At the 2003 MTV Video Music Awards, Madonna French-kissed both teen-idols Britney Spears and Christina Aguilera.
Madonna, now a British resident (with, suddenly, a strong English accent),
converted to studies of the Jewish Kabbala.
Confessions On A Dance Floor (Warner, 2005) sounds like a
tribute to the 1980s club scene and to the 1970s disco hits that she grew up
with. In a word, it's a tribute of sort to herself.
The hit, Hung Up (2005), samples Abba and reinvents Madonna the disco
queen one more time.
I Love New York homages the town whose ludic soul she embodies.
The countless references to hits of the past
(Sorry, Future Lovers, Push, ...)
do not amount to a postmodernist
analysis but simply to nostalgia and cult of (her) personality.
Hard Candy (2008), yet another terrible album,
used an impressive cast of producers
(Nate "Danja" Hills, Timbaland, Justin Timberlake, Pharrell Williams)
to craft predictable and trivial dance numbers such as Four Minutes.

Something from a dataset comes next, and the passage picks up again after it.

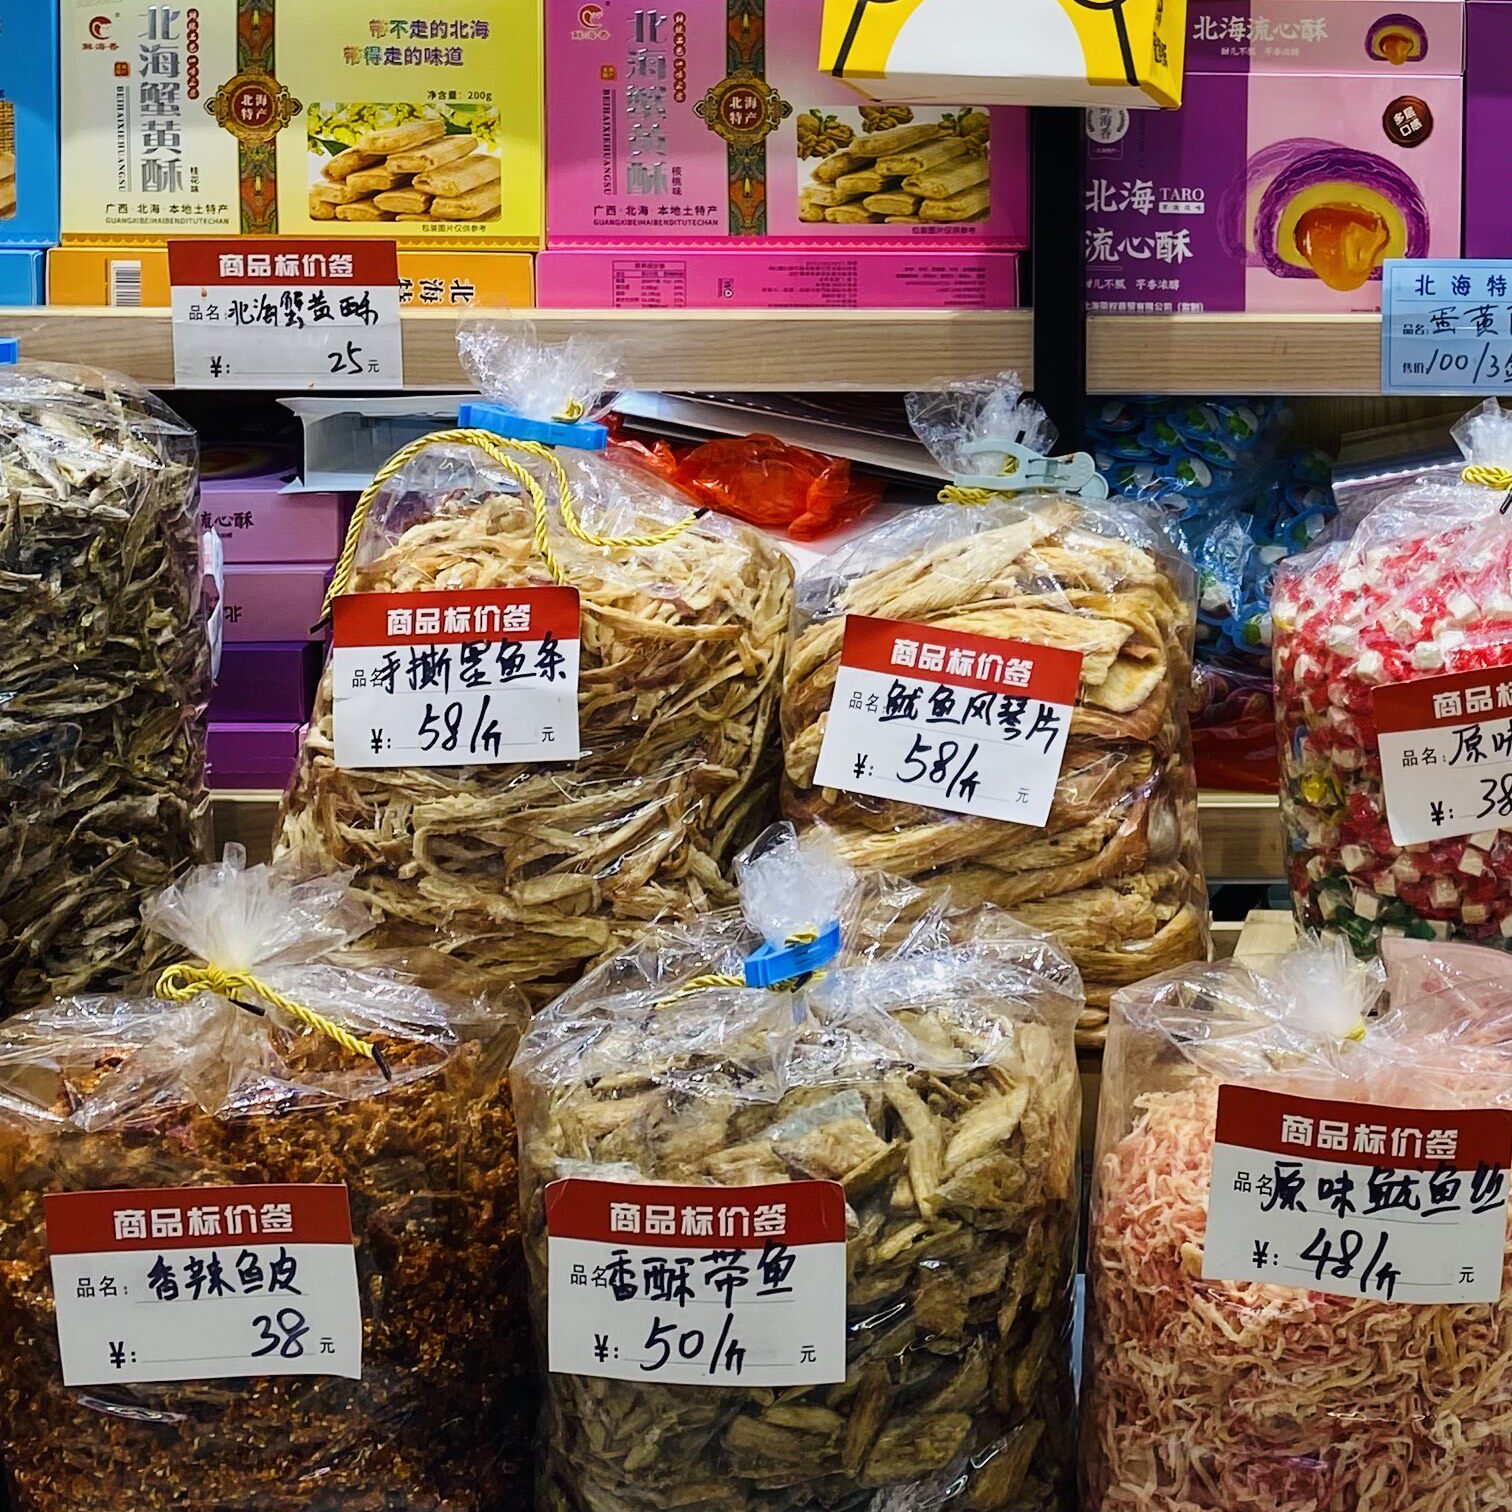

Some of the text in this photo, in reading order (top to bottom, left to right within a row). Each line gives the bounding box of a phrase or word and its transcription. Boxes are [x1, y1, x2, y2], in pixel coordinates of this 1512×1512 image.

About to turn 50, Madonna is turning into one ugly dumb middle-age woman
who is still desperate for sex, perhaps because her private life was such
a failure.
Filth and Wisdom (2008) was the first film she directed, followed by
W.E. (2012).
Celebration (2009) is a double-disc career retrospective.
Divorced at 53 and the mother of four children, Madonna reenacted her old
fantasies on MDNA (2012), but both the veteran producers and the new
upstarts had trouble rescuing her inept songwriting.
William Orbit came close in the tribal Gang Bang.